Yes… well, sort of. Before we opened Poppo’s, we weren’t really sure what to call it. The idea of opening a San Francisco style taqueria had been batted around a lot over the years, but it never really had a name. There were some ideas, mostly non-starters – Isla, Quixote, Anna Maria, and some others. I don’t recall specifically who did it, but when someone blurted out Poppo’s at a family dinner it was like we all had the idea at the same time. It just fit, even more than we could have known. Poppo was our nickname for my grandpa. His real name was Frank P. Harris. Even though he passed on in August of 2001, he remains an inspiration for our family, a singular example of love and unity. Poppo was not a cook, and he didn’t care much for spicy foods. The name was to honor him in our family business. Even though he couldn’t be there, he would be with us.
Poppo grew up in Boston and was the youngest of several children who was mostly left to his own devices. He made money selling newspapers and playing pool. Poppo was a bright guy, and though he never went to college, through talent and a lot of hard work, he was able to get a job as a reporter for the Boston Globe. He worked there for 30 years and accomplished a lot in his career, but he was never too busy for family. Poppo was one of those people who makes you feel great when you’re around them. He was playful and charismatic and took personal interest in everyone he met. We held up more than one grocery store line while he solicited the life story of the clerk.
My relationship with him was very close. When my family was living in California, he and my Grandma, Jean, would travel from Boston to visit us and look after us while my parents were busy getting their own business going. When they were away, he would always take time to chat with us on the phone. He taught me how to drive, how to play ball, and always took interest in my passions. As I grew older, his wife Jean became my example of wisdom, but he remains the example of love.

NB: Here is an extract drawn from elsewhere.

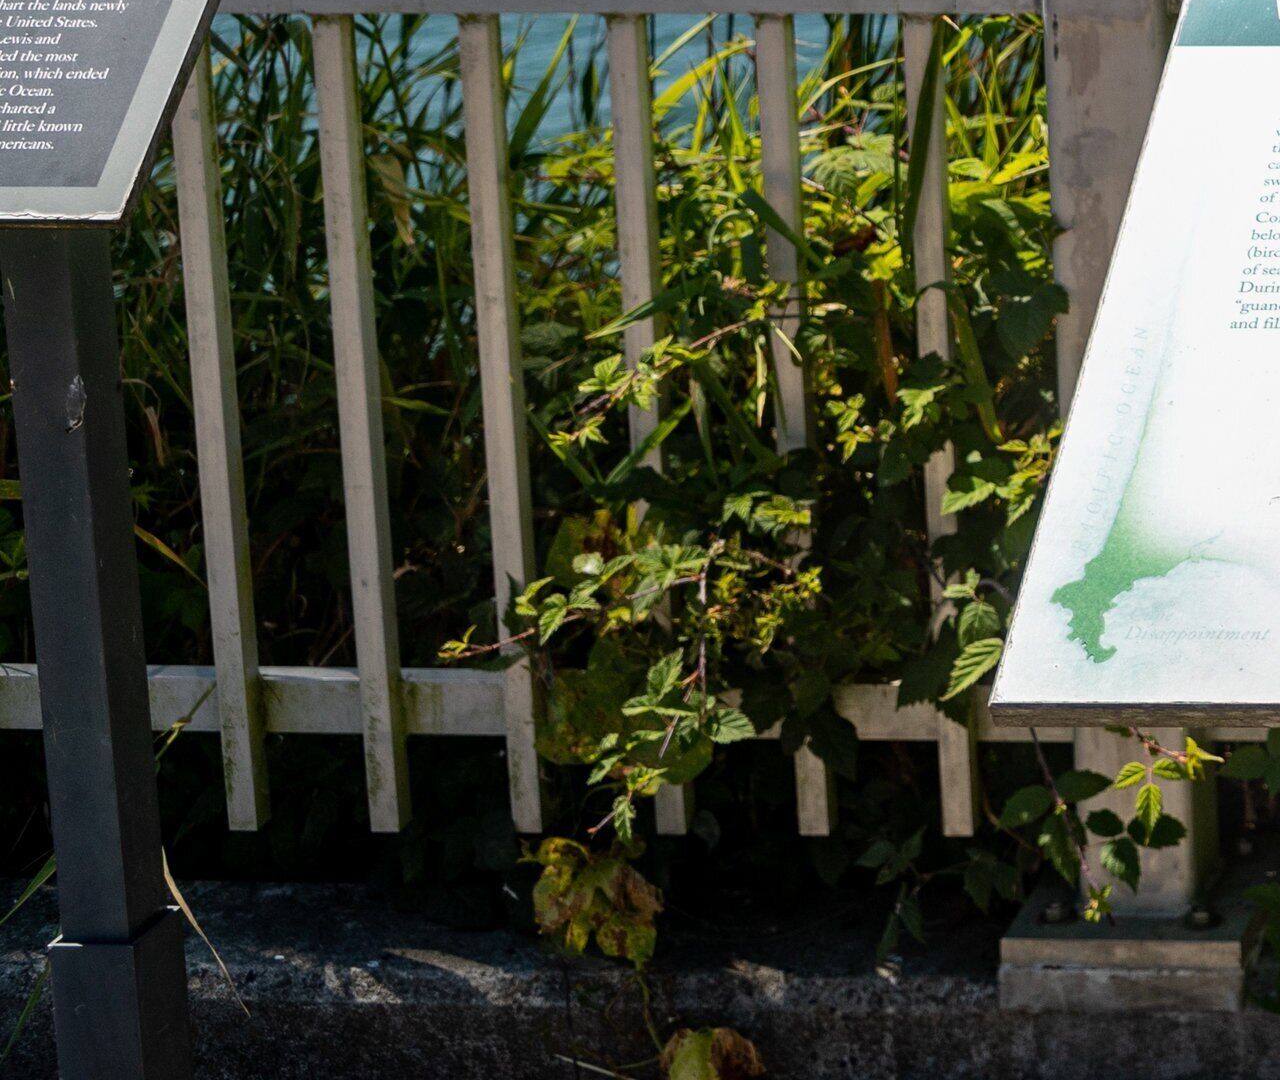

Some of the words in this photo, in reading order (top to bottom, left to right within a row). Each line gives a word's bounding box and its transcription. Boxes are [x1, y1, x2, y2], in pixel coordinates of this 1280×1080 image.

As the founders of Poppo’s, myself, my brother, and my wife, put that love into everything we do. Running this business and running it in our way can be challenging and trying. You have to be patient and resilient which sometimes tests your principles, your care and love. What we didn’t realize when we named our taqueria Poppo’s, is that it wasn’t just a commemoration, it was a promise, and a call to action. In large part because of a simple name, running a taco shop is not only more difficult that we thought, it is more rewarding than we imagined.